As implied33 by the ~30% sequence identity between aCbf5 and the
Escherichia coli Ψ synthase TruB20, the two proteins adopt very similar
overall structures (Fig. 4a,b). However, TruB (which introduces Ψ55
into all elongator transfer RNAs) functions without guide RNAs or
accessory proteins. Three substantial structural differences between
aCbf5 and TruB reflect the participation of aCbf5 (but not TruB) in
an elaborate RNP. First, TruB has two characteristic polypeptide segments that are directly involved in TΨC-loop recognition20. These are
absent from aCbf5 and its orthologs. In place of one of these segments,
aCbf5 has a shorter loop that is disordered in our structure (Figs. 3 and
4). One of the TΨC loop–recognizing segments of TruB is also disordered34,35 or in a completely different conformation36 in the absence
of substrate RNA. Second, the PUA domain (which binds the acceptor stem of tRNA in TruB37) is considerably larger in aCbf5 and its
orthologs (Fig. 4a,b). aCbf5 extends the PUA
domain further by enveloping it with N- and
C-terminal extensions of its main domain
(Fig. 3a,b). Sequences of these extensions are
phylogenetically conserved (Supplementary
Figs. 4 and 5 online). A large number of mutations associated with dyskeratosis congenita in
humans map to the PUA domain of dyskerin
and to the enveloping N-terminal extension of the main domain. Third,
the C-terminal helix of aNop10 packs against helix α5 of aCbf5, which
adopts a different orientation from that of the equivalent helix of TruB
(which does not participate in protein-protein interactions; Fig. 4a).

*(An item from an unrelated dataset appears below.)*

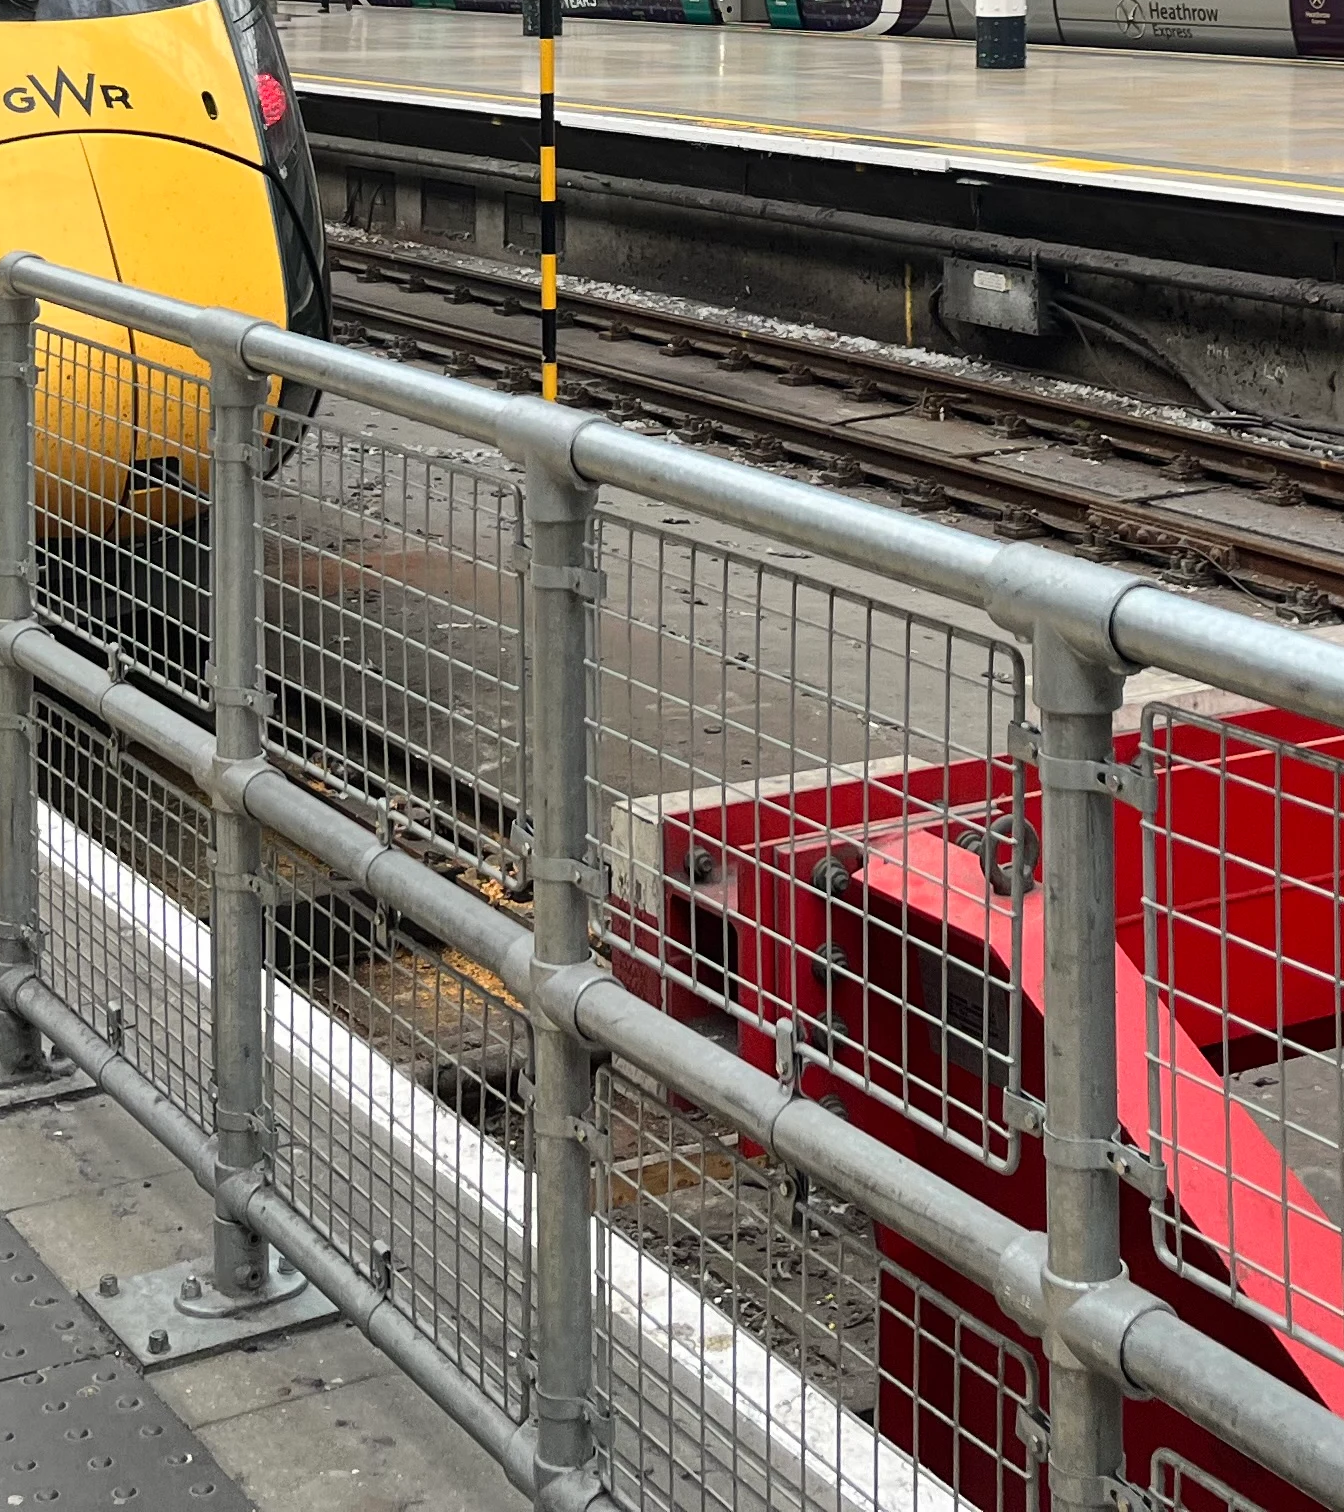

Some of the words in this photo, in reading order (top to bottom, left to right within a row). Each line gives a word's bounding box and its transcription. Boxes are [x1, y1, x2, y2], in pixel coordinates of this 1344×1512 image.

[1149, 1, 1218, 21] Heathrow
[1152, 24, 1193, 39] Express
[3, 65, 134, 118] GWR

The active sites of aCbf5 and TruB superimpose closely. Three residues
that are present in all Ψ synthase active sites37,38 (an aspartate, a basic
residue and a tyrosine or phenylalanine; Asp81, Arg180 and Tyr109,
respectively, in aCbf5) occupy conserved positions (Fig. 4c). Arg180, a
basic residue that corresponds to one making a buried salt bridge with
the catalytic aspartate in the TruB–RNA complex, adopts a different
orientation in our RNA-free aCbf5–aNop10 structure. However, it is
very likely that the catalytic mechanism of the box H/ACA snoRNP is
identical to those of stand-alone Ψ synthases.

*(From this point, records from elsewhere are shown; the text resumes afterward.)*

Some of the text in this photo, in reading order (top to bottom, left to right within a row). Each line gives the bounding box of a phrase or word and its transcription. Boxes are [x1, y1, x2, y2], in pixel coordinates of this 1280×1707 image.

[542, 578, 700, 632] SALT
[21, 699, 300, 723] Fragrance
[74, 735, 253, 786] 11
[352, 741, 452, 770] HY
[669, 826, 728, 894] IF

The interface between aCbf5 and aNop10 contains many highly conserved residues, especially in the linker segment (Supplementary Figs. 1
and 4), along with a dense network of hydrogen bonds, van der Waals
interactions and salt bridges (Fig. 3c). An absolutely conserved proline
of Nop10 (Pro33) interacts with two equally conserved prolines of aCbf5
(Pro53 and Pro56) through van der Waals interactions (Fig. 3c,d). The
latter prolines reside in a sequence element conserved throughout Ψ
synthases (Motif I)18 that is important for protein stability39. Mutation
of one of the equivalent prolines in TruB results in severe destabilization of the enzyme. The interaction with aNop10 positions the absolutely conserved Lys52 of Motif I of aCbf5 for hydrogen bonding to the
carbonyl oxygen of the catalytic Asp81 (Fig. 3d). Thus, it seems that
Motif I of aCbf5 bridges Nop10 and the enzyme’s active site, providing
a rationale for the lack of catalytic activity of aCbf5 in the absence of
aNop10 (refs. 15,16). Consistent with the importance of this interaction,
mutation of a Cbf5 Motif I proline results in growth defects in yeast21.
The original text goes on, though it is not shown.